More studies are needed in order to investigate the relationship is between postmyomectomy adhesions and sexual functioning. Although assurance of a successful medical outcome is important, patients’ postoperative quality of life is also essential.

3.3. UAE
3.3.1. Case Report

The patient was a 40-year-old G4P3SAB1. On ultrasound she had a 20 cm uterus. Her symptoms included dysmenorrhea and menorrhagia. She underwent uterine artery embolization (UAE) and her symptoms improved. The FSFI was administered for three time points. These included the time at which her sexual function was at its: (1) best prior to UAE (34.5); (2) worst after UAE (19.8); (3) best after hormonal therapy (34.5). Her detailed scores are shown in Table 3.

A successful UAE procedure results in the resolution of presenting symptoms, such as menorrhagia, pain, urinary frequency, or constipation, without additional therapy [50]. UAE provides many benefits such as preservation of the uterus, avoidance of general anesthesia, a lower complications rate, and a substantially shorter recovery period [51]. UAE and fertility are currently under investigation and therefore not recommended for women who are trying to conceive [51].

Fibroid recurrence with UAE is thought to be 5% per year and is largely attributed to incompletely infarcted fibroids [5254]. Overall, UAE has been reported to be an effective minimally invasive therapeutic alternative with high patient satisfaction rates [5558].

3.3.2. Sexual Dysfunction Associated with UAE

UAE has rarely been shown to have sexual complications.
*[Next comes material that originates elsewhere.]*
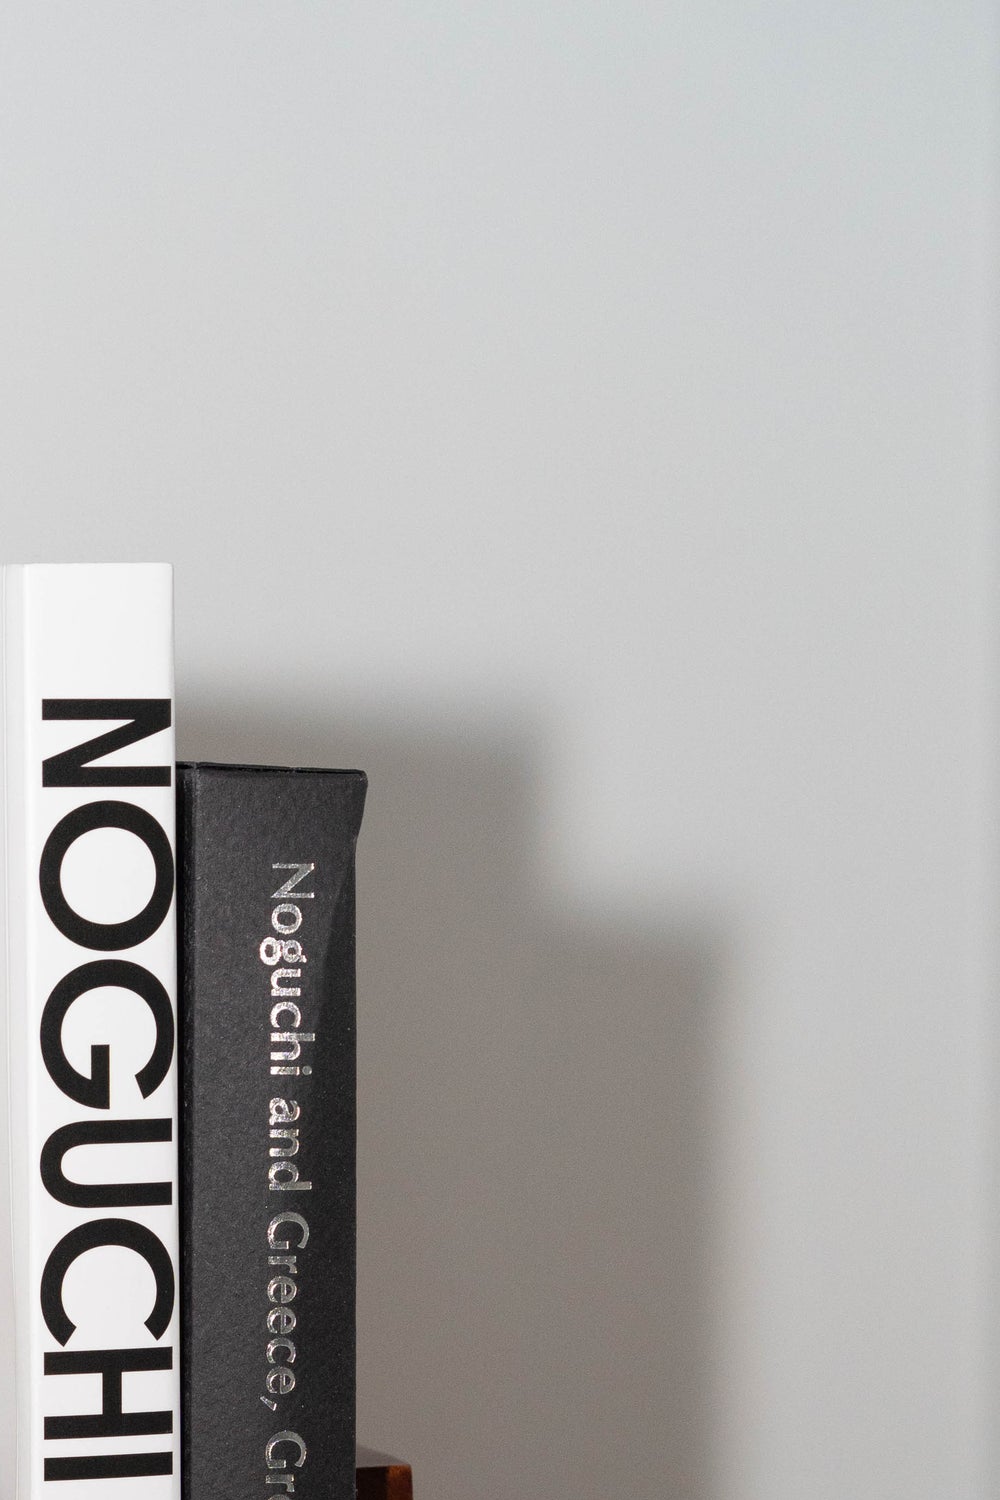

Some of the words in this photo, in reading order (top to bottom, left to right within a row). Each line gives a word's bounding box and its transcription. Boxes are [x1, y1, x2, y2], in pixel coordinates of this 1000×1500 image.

When it does occur, it is due to unintended embolization of the cervicovaginal branches of the uterine artery, which may lead to impairment in achieving orgasm and lubrication [6, 59]. Yet, many studies have displayed positive results concerning sexual functioning after UAE. A minority of patients report sexual dysfunction compared to the other fibroid treatments. For the welfare of future UAE patients, Lai et al. have suggested that objective questionnaires, complex hormonal evaluations, and complete sexual histories be completed to evaluate and stratify the risk of sexual dysfunction following UAE [59].

4. Conclusion

The postoperative sexual function and subsequent quality of life is an important part of a successful procedure. Unfortunately, the topic of sexual function is insufficiently discussed in the literature.

Patients undergo procedures with the expectations to alleviate symptoms and improve their quality of life. The expectations of the outcome should be discussed along with the risks and benefits of each procedure.

For the welfare of future hysterectomy, myomectomy, and UAE patients, additional attention should be paid to sexual function. Clinicians have proposed that in addition to the patient and physician discussion, there should be objective questionnaires and hormonal evaluations [59].

These case reports and the literature illustrate the possibility of sexual dysfunction after invasive fibroid procedures for fibroid disease. Further studies on the effects of invasive fibroid treatments on sexual functioning would be helpful in guiding patient’s ultimate decisions regarding treatment.

Summary

Sexual dysfunction can occur after the invasive treatment of uterine fibroids. This is an adverse effect that is relatively understudied and can have a profound effect on patients’ quality of life.